Robert Mushet

Personal information
- Full name: Robert Cathcart Mushet
- Born: 10 December 1901 Glasgow, Lanarkshire, Scotland
- Died: 25 July 1992 (aged 90) Dunbar, East Lothian, Scotland
- Batting: Right-handed
- Bowling: Right-arm medium
- Relations: John Mushet (father)

Domestic team information
- 1934/35–1939/40: Europeans

Career statistics
| Competition | First-class |
| Matches | 2 |
| Runs scored | 17 |
| Batting average | 8.50 |
| 100s/50s | –/– |
| Top score | 8 |
| Balls bowled | 78 |
| Wickets | 1 |
| Bowling average | 88.00 |
| 5 wickets in innings | – |
| 10 wickets in match | – |
| Best bowling | 1/47 |
| Catches/stumpings | 1/– |
- Source: Cricinfo, 1 December 2023

= Robert Mushet (cricketer) =

Scottish cricketer

Robert Cathcart Mushet (10 December 1901 – 25 July 1992) was a Scottish first-class cricketer.
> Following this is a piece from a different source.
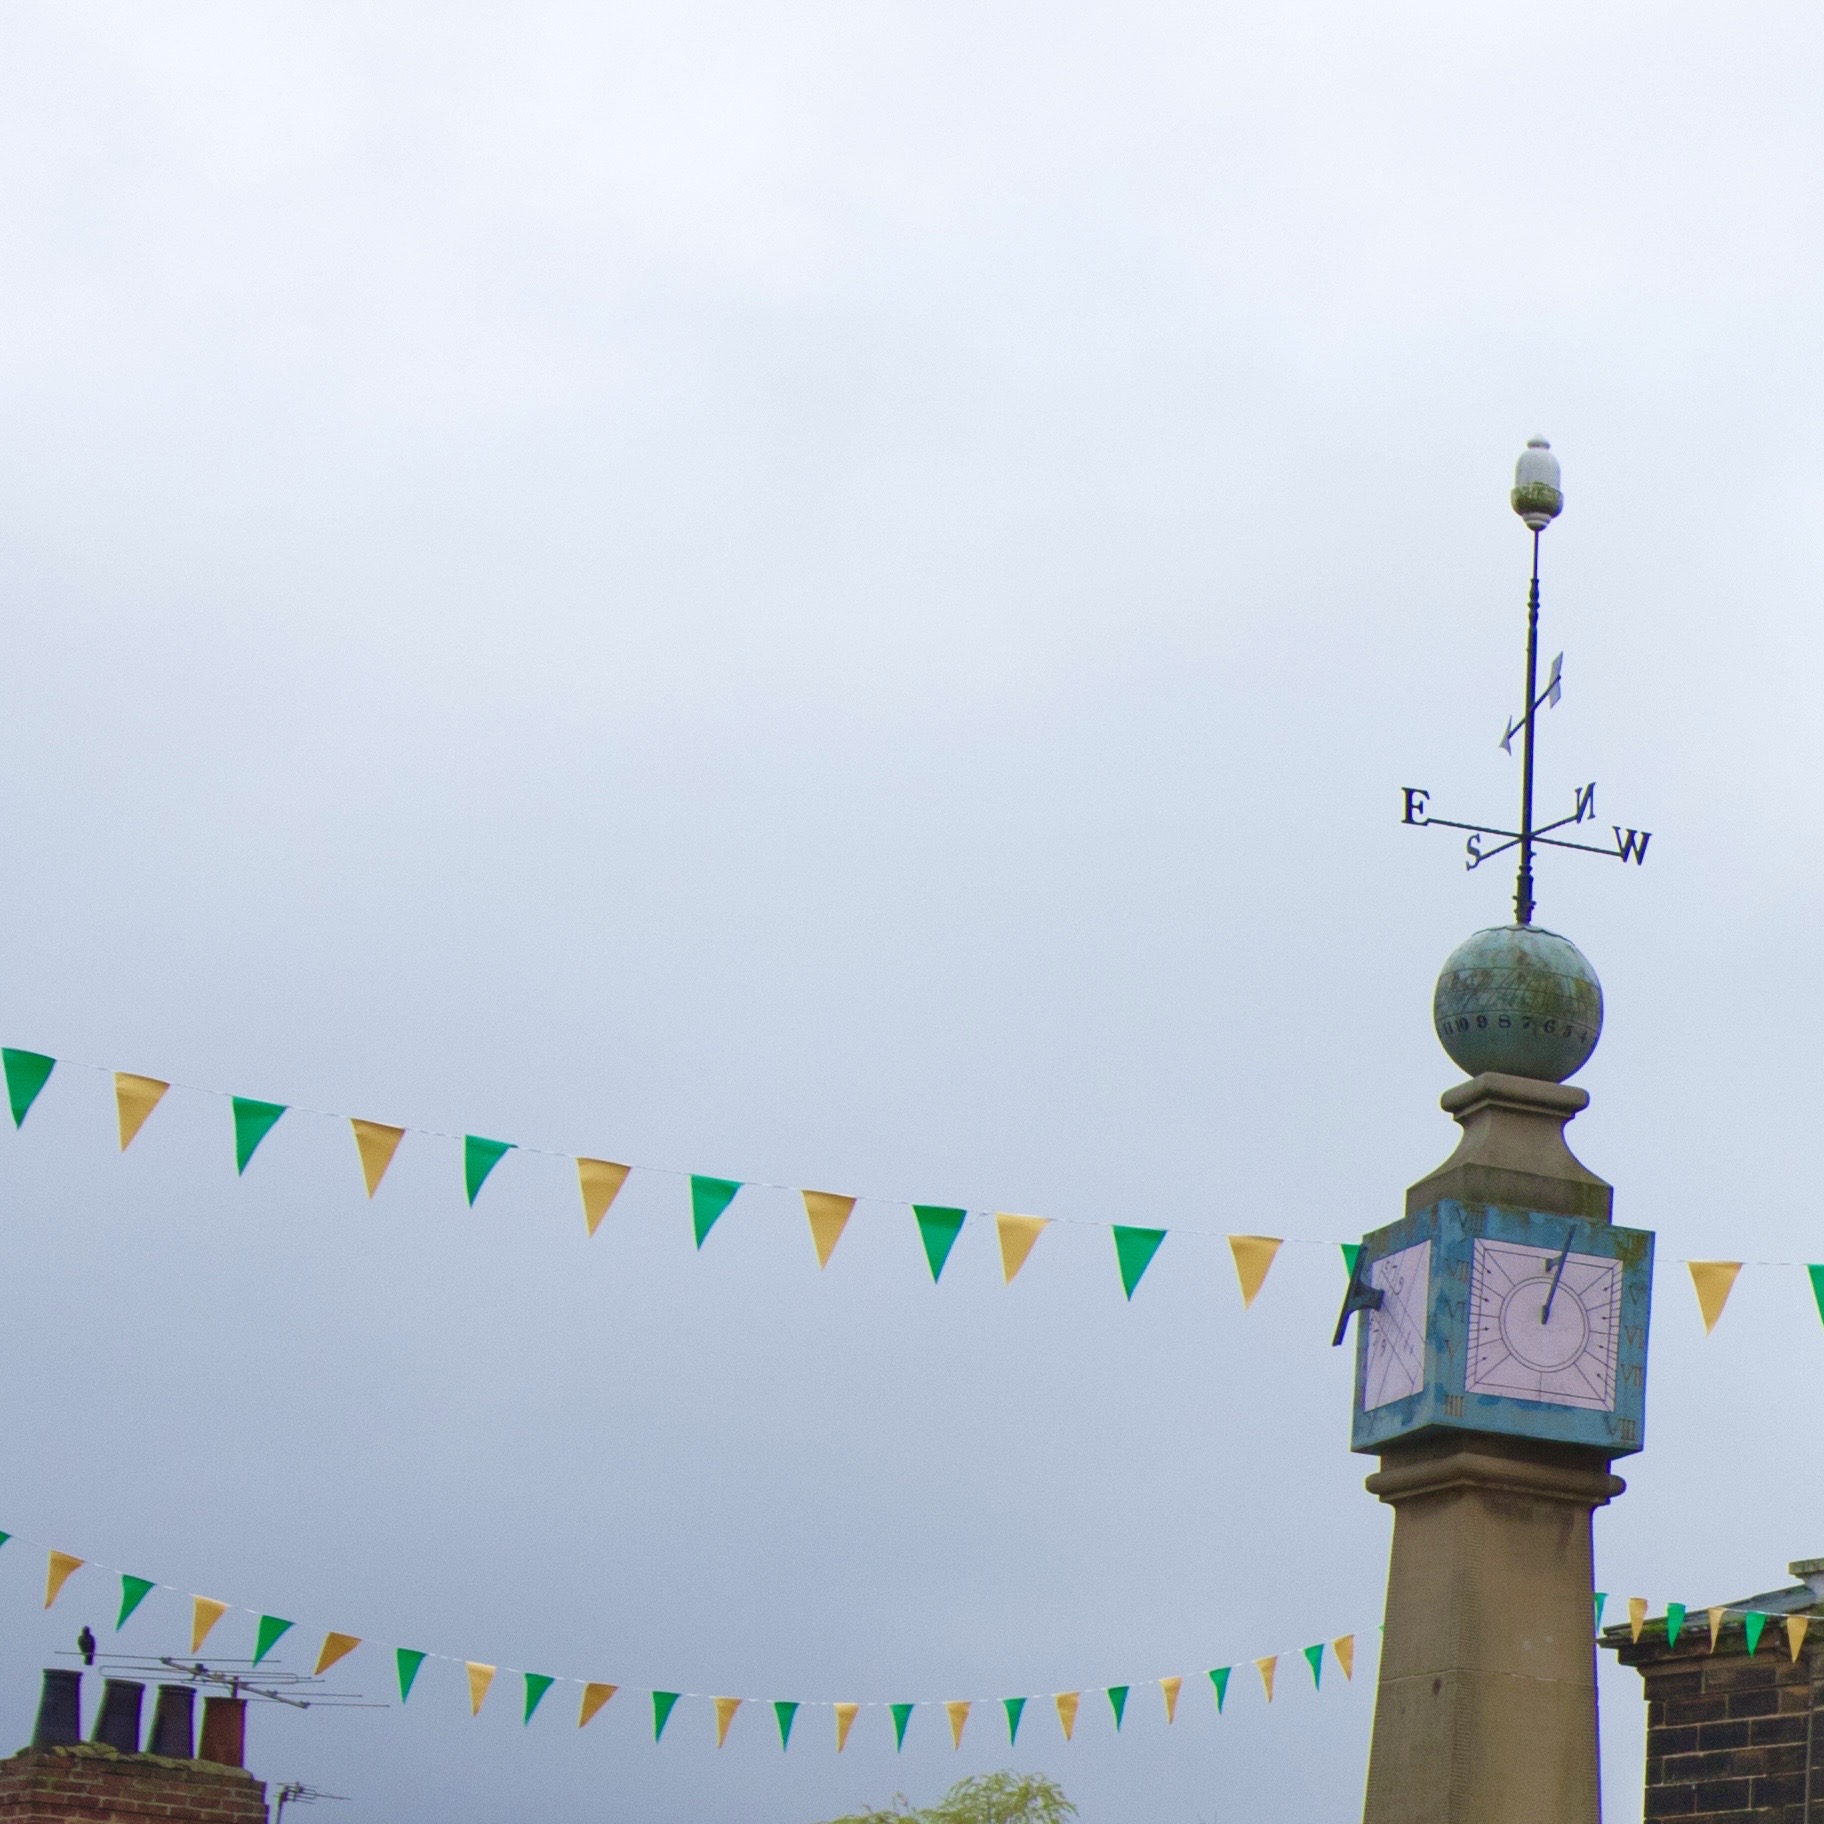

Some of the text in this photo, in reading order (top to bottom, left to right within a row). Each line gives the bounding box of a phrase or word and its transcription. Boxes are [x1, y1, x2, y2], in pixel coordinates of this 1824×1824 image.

The son of the cricketer John Mushet, he was born at Glasgow in December 1901. Mushet spent time in British India, where he appeared in two first-class cricket matches for the Europeans cricket team, separated by five years. The first came against the Hindus cricket team at the Bombay Gymkhana in the 1935–35 Bombay Quadrangular, while the second came against the same opponents at the Brabourne Stadium in the 1939-40 Bombay Pentangular. In these, scored 17 runs with a highest score of 18, while with his right-arm medium-pace, he took a single wicket. Outside of cricket, he was a shipping merchant and company director by profession. Mushet died at Dunbar in July 1992, following a long illness.